Foreign Policy argues that the government’s poor record in the tribunals that have gone forward so far, both in terms of convictions and the controversies surrounding detainees’ rights, show that the military commission system at Guantanamo is non-functional.
FBI
The “FBI Domestic Intelligence and Operations Guide,” adopted in December 2008, is drawing criticism from the ACLU and a group called Muslim Advocates. They worry that the collection and mapping of demographic information, including race and ethnicity, encourages profiling. The FBI responded that collecting the information contributes to an understanding of the potential threats in a given area, without targeting specific groups, and pointed to non-racial data that is also collected. The ACLU is requesting the records of ethnic and racial data collected in 29 states and Washington, D.C. FBI Director Robert Mueller is scheduled to testify before the Senate Judiciary Committee today. CNN, AP, AP via the Los Angeles Times.
Intelligence Community
Foreign Policy explains the art behind intelligence agents deciding what information to trust, but says that effectively passing the analysis along is bigger concern.
Afghanistan
At least 25 Afghan civilians were killed when their bus hit a mine on the way to Kabul from the southwestern region of Nimruz today. In a separate incident, a roadside bomb in Oruzgan province killed three Afghan soldiers and left two others injured.

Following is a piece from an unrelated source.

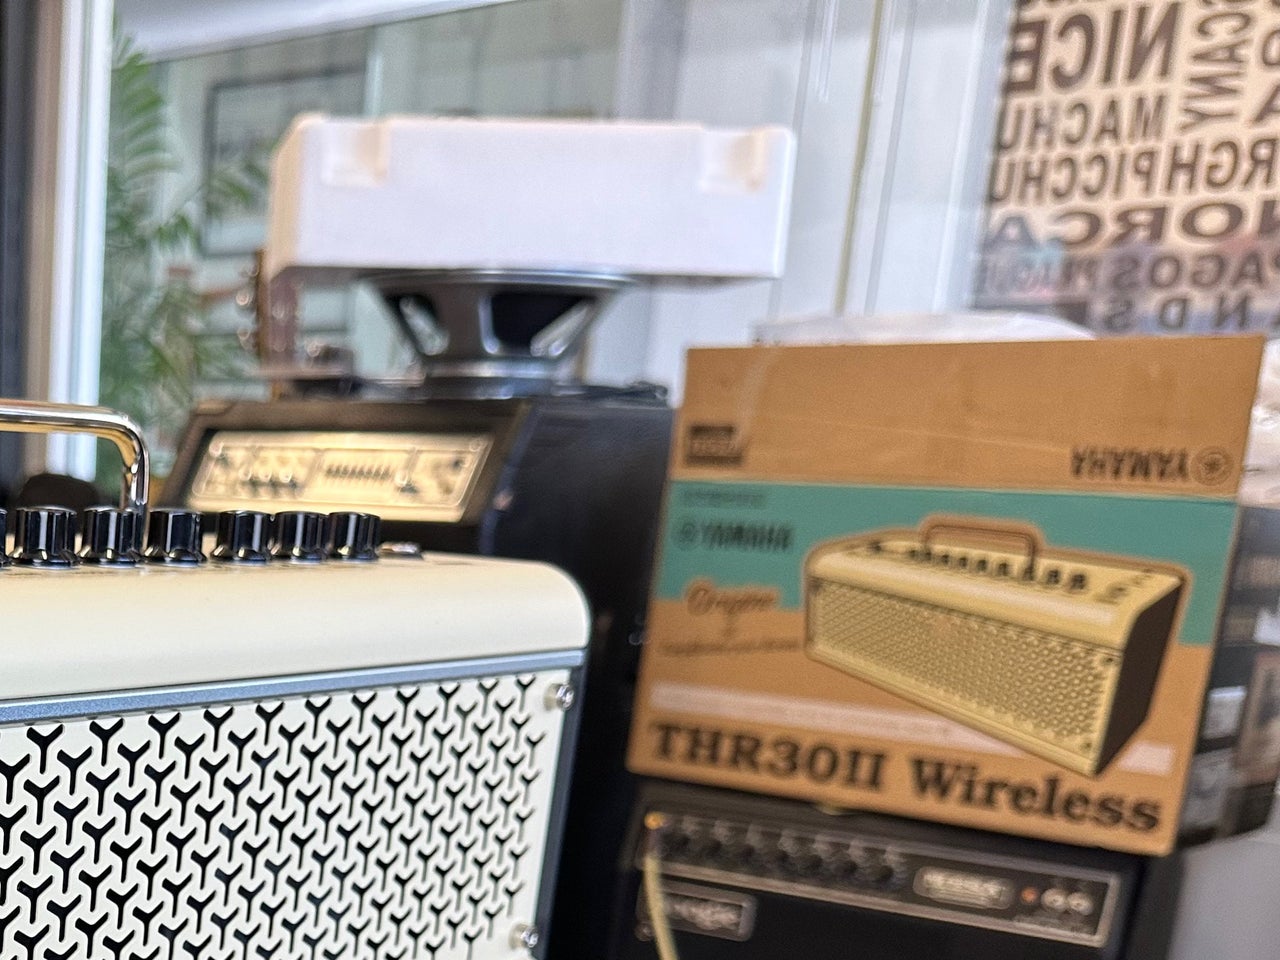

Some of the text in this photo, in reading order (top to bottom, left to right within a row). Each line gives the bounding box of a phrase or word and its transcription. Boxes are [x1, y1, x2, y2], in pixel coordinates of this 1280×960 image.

A string of suicide attacks, including one on Bagram Air Base, have raised concerns about this relatively phenomenon in Afghanistan.
The House has passed a $59 billion appropriations bill, including $37 billion for the wars in Iraq and Afghanistan, in spite of renewed questions regarding the war effort since documents were released by WikiLeaks. The $59 billion matches President Obama’s request. Though the bill passed by a wide margin, opposition has increased since the last vote on a similar bill last year. The legislation will now be sent to the White House. New York Times, Washington Post, Foreign Policy‘s The Cable blog.
David Kilcullen, of the Center for a New American Security, and Ryan Crocker, who served as the U.S. ambassador to Iraq and Pakistan, told the Senate Foreign Relations Committee that the U.S. should negotiate with insurgents in Afghanistan. “You must be negotiating from a position of strength,” Kilcullen said, according to CNN.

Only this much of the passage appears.